Di norma, le pseudocisti sono asintomatiche, ma a volte provocano dolore doloroso e dispepsia (digestione dolorosa). A causa dell'espansione delle grandi cisti, l'ostruzione intestinale può svilupparsi insieme a nausea e vomito. La digestione delle pareti dei vasi sanguigni porta a pseudoaneurismi e sanguinamento gastrointestinale.

pseudocisti
L'accumulo di liquido infiammatorio nelle cavità peritoneale e pleurica a causa della fuoriuscita di enzimi pancreatici può portare a infezioni e sepsi. Di norma viene prescritto un trattamento chirurgico, seguito dall'uso di octerotide per controllare la secrezione di enzimi. Il drenaggio endoscopico con approccio transpapillare o transmurale comporta il drenaggio del fluido e la prevenzione recidiva inserendo uno stent nel canale pancreatico o interagendo con una cisti attraverso l'intestino tenue (transmurale enterocistostomia). Per le grandi pseudocisti, viene utilizzato il drenaggio chirurgico aperto con un'anastomosi dell'intestino tenue.
Pancreatite cronica
Lo sviluppo della pancreatite acuta o la sua ricorrenza può portare a una forma cronica, accompagnata da gravi disturbi strutturali e funzionali delle ghiandole esocrine ed endocrine. Le complicanze della pancreatite cronica includono: la formazione di una pseudocisti, il blocco del dotto biliare (può portare a ittero e cirrosi epatica), ostruzione duodenale intestino con dispepsia (digestione dolorosa), ipertensione portale (aumento della pressione nel sistema venoso portale), trombosi della vena splenica e pancreas endocrino fallimento.

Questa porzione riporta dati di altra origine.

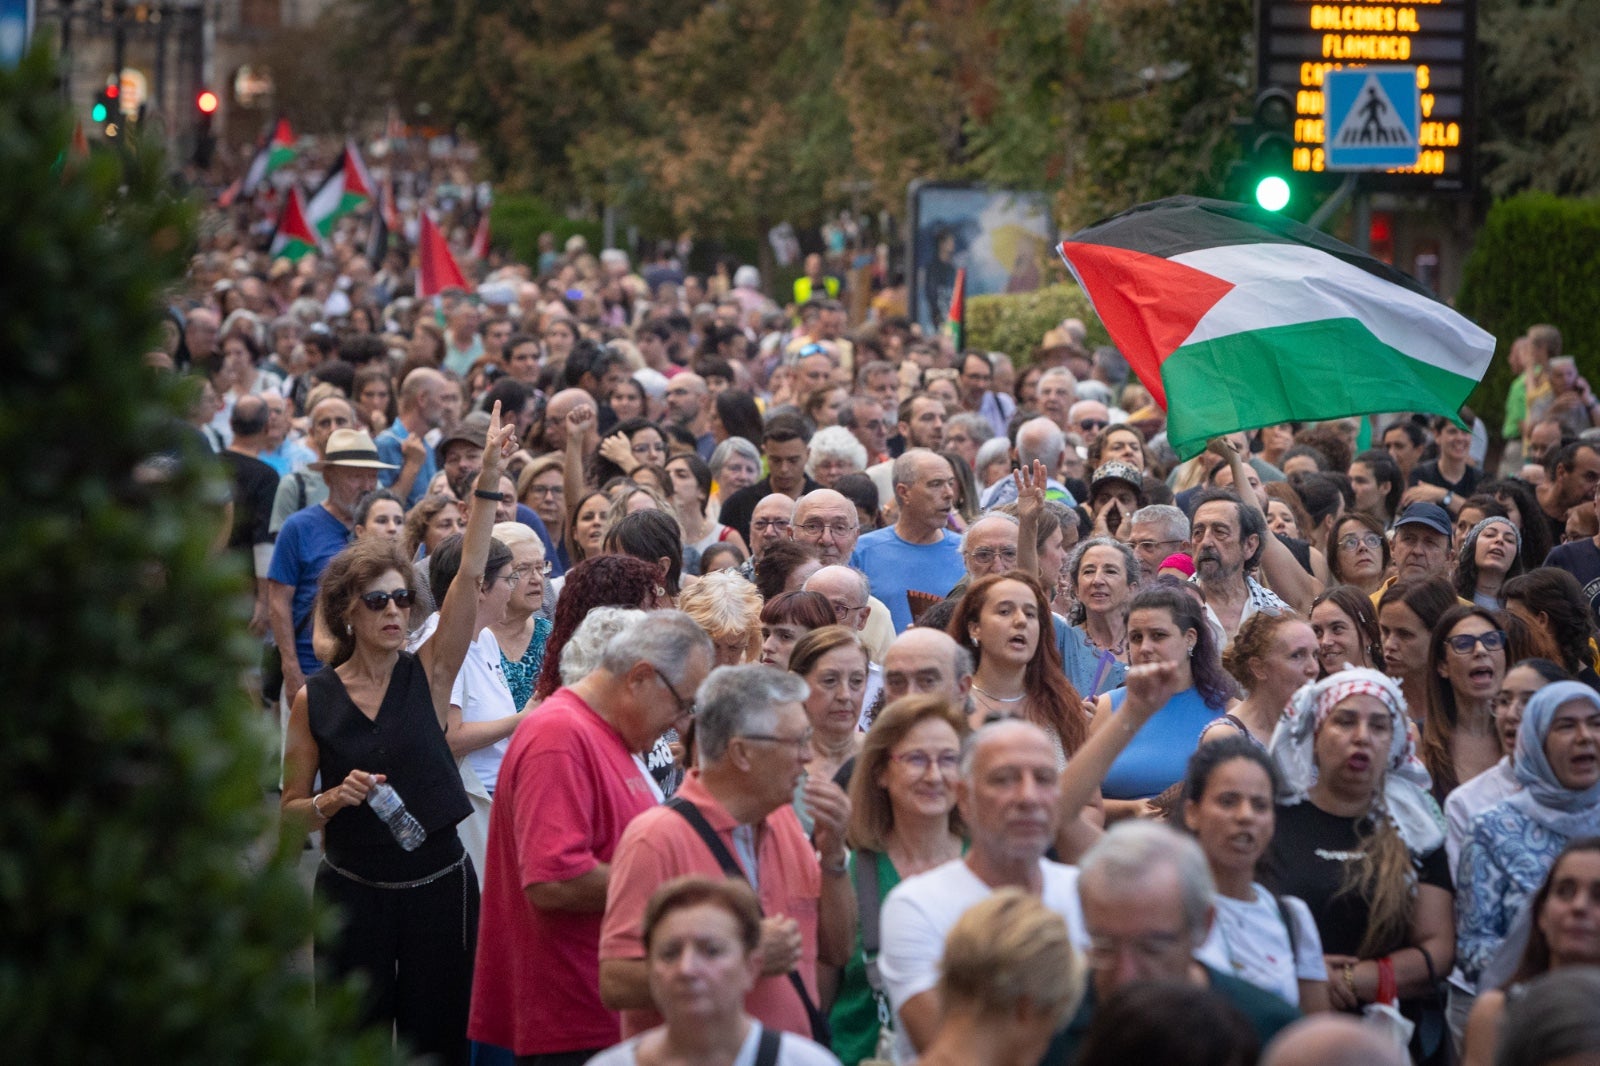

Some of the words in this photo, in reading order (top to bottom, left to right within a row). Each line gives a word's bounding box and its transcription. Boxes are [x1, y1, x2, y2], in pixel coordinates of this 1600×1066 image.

I pazienti con pancreatite cronica possono sviluppare diabete mellito. Studi successivi hanno dimostrato che i livelli di glucosio nel sangue e di HbA1c determinano la presenza di diabete e il regime di trattamento appropriato. Sintomi come perdita di peso, anoressia e dolore addominale dovrebbero indicare la presenza di adenocarcinoma (cancro) in pazienti con pancreatite cronica. La diagnosi precoce del cancro del pancreas comprende l'analisi dei marcatori tumorali e la tomografia.
Il trattamento di un paziente con pancreatite cronica inizia con la sua astinenza dall'alcol e dal fumo. Piccoli pasti frequenti con acidi grassi a catena media (MCFA) e preparati di enzimi pancreatici fermano l'agitazione pancreatica e riducono il dolore. Anche gli oppiacei e l'amitriptilina aiutano a ridurre il dolore. A volte i pazienti hanno bisogno del ricovero.
Il trattamento chirurgico della pancreatite cronica ha lo scopo di combattere i sintomi spiacevoli e correggere le complicanze strutturali. Una pancreatectomia totale o una resezione parziale del pancreas ha lo scopo di alleviare l'ostruzione intestinale o di curare il cancro. Per alcuni pazienti con dolore persistente, i medici possono prescrivere la radioterapia.